ESTRENO
La nueva película de David O. Russell es una historia (casi) real de tres amigos que, sin quererlo, salvaron la democracia estadounidense; un gran elenco y la puesta en escena salvan del desastre

Hay una conspiración fascista para derrocar a Roosevelt; nazis; espías ornitólogos y que hacen los mejores ojos del mundo; un médico loco que prueba cuanta entrada haya en el vademecun; una artista vanguardista en los locos años veinte que vive en un consensuado triángulo amoroso (a lo Jules et Jim) con el médico loquísimo y un abogado bien intencionado, y un crimen por resolver.

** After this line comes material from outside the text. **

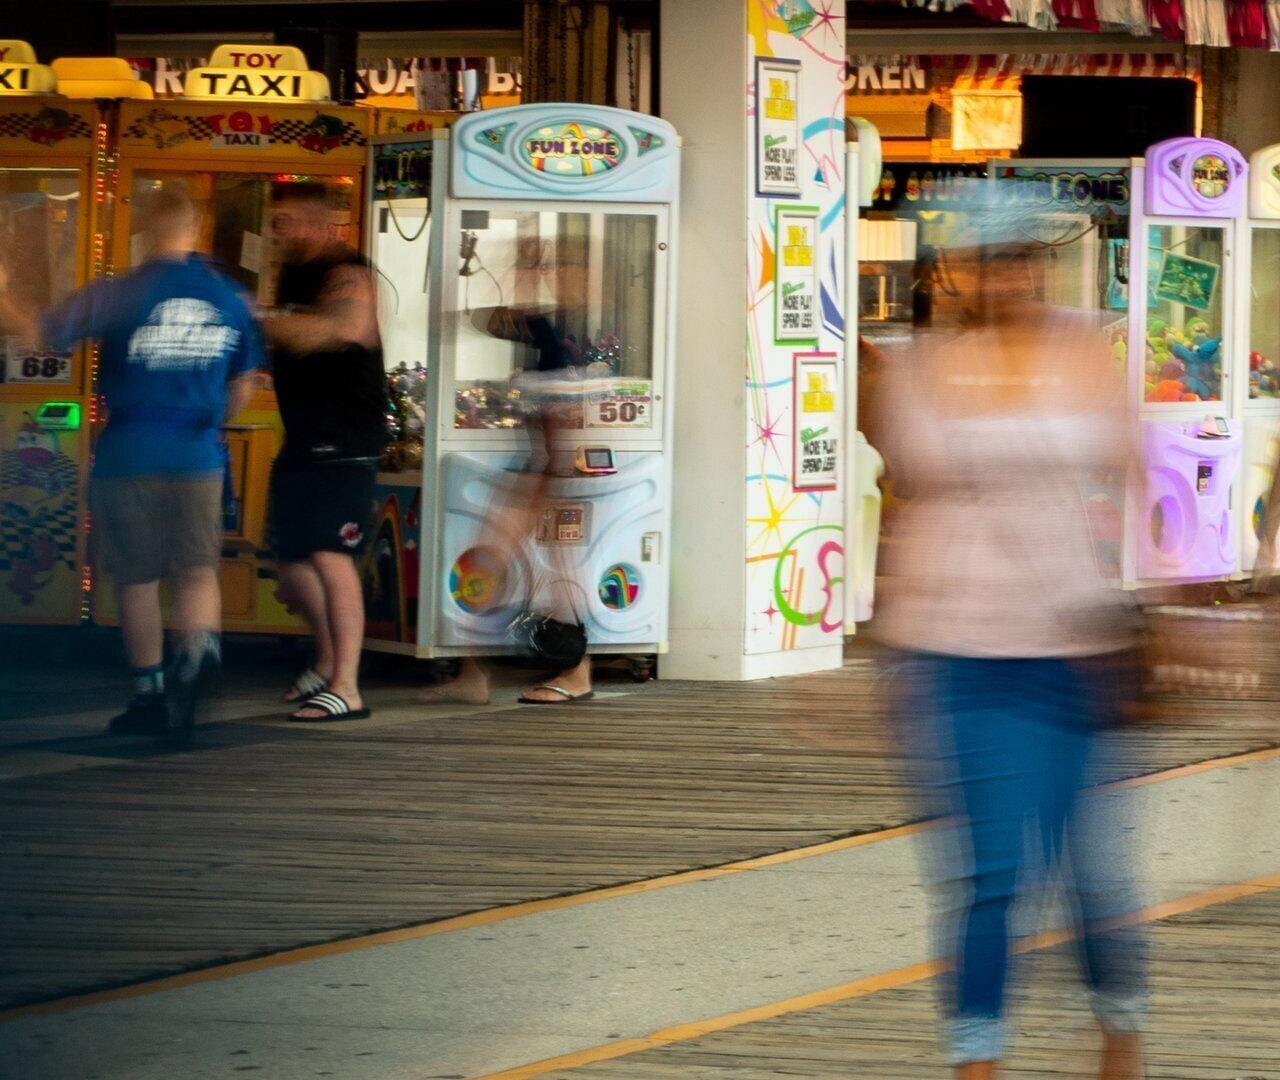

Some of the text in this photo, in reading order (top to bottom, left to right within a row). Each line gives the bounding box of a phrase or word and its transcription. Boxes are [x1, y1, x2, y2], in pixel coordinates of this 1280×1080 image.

Todo es así de excesivo, en Amsterdam, una avanzada de las películas que van a llegar de aquí en más en lo que se conoce como la temporada de premios. Se estrenó esta semana en Montevideo.
Llega con pretensiones. Tiene, por ejemplo, un director (David O. Russell) que ya estuvo cinco veces nominado al Oscar y que con películas como Flirting with Disaster o El lado luminoso de la vida, se volvió uno de los más interesantes creadores de comedia mericana. Amsterdam, igual, está más cerca de Escándalo americano, aquella ambientada en los 70 y que tenía la misma ambición y el mismo tono que esta nueva. Amsterdam se ve cercana al espíritu burlón de los hermanos Coen, por ejemplo.
Algunos de su estelarísimo elenco podría aspirar a un reconocimiento de sus pares. Están Christian Bale, Margot Robbie y John David Washington (el doctor, la artista y el abogado, respectivamente), tres amigos que compartieron lo mejor de su juventud en Amsterdam después de la primera gran guerra (la ciudad funciona como un paraíso perdido) y se vuelven a unir para aclarar un doble homicidio que tiene implicancias políticas insospechadas. Hay millonarios excéntricos, políticos buenos y de los otros y grandes personajes secundarios en un tono de comedia disparatada que, acá, va por el exceso (y eso incluye a Bale, que está particularmente comprometido con lo suyo) y eso es un riesgo que a veces no le sale dentro de lo esperado.
Es que no importa mucho la trama que, sí es un poco confusa pero como corresponde a una comedia de su clase. Es bien clásica.
En todo caso, la puesta en escena (con la fotografía de “Chivo” Lubezki y el diseño de producción de la exquisita, Judy Becker), un plantel de actores (De Niro, Malek, Taylor Jones, Myers, Rock y hay más) y algunas buenas ideas ayudan a sortear sus debilidades. Con eso, en este caso, alcanza.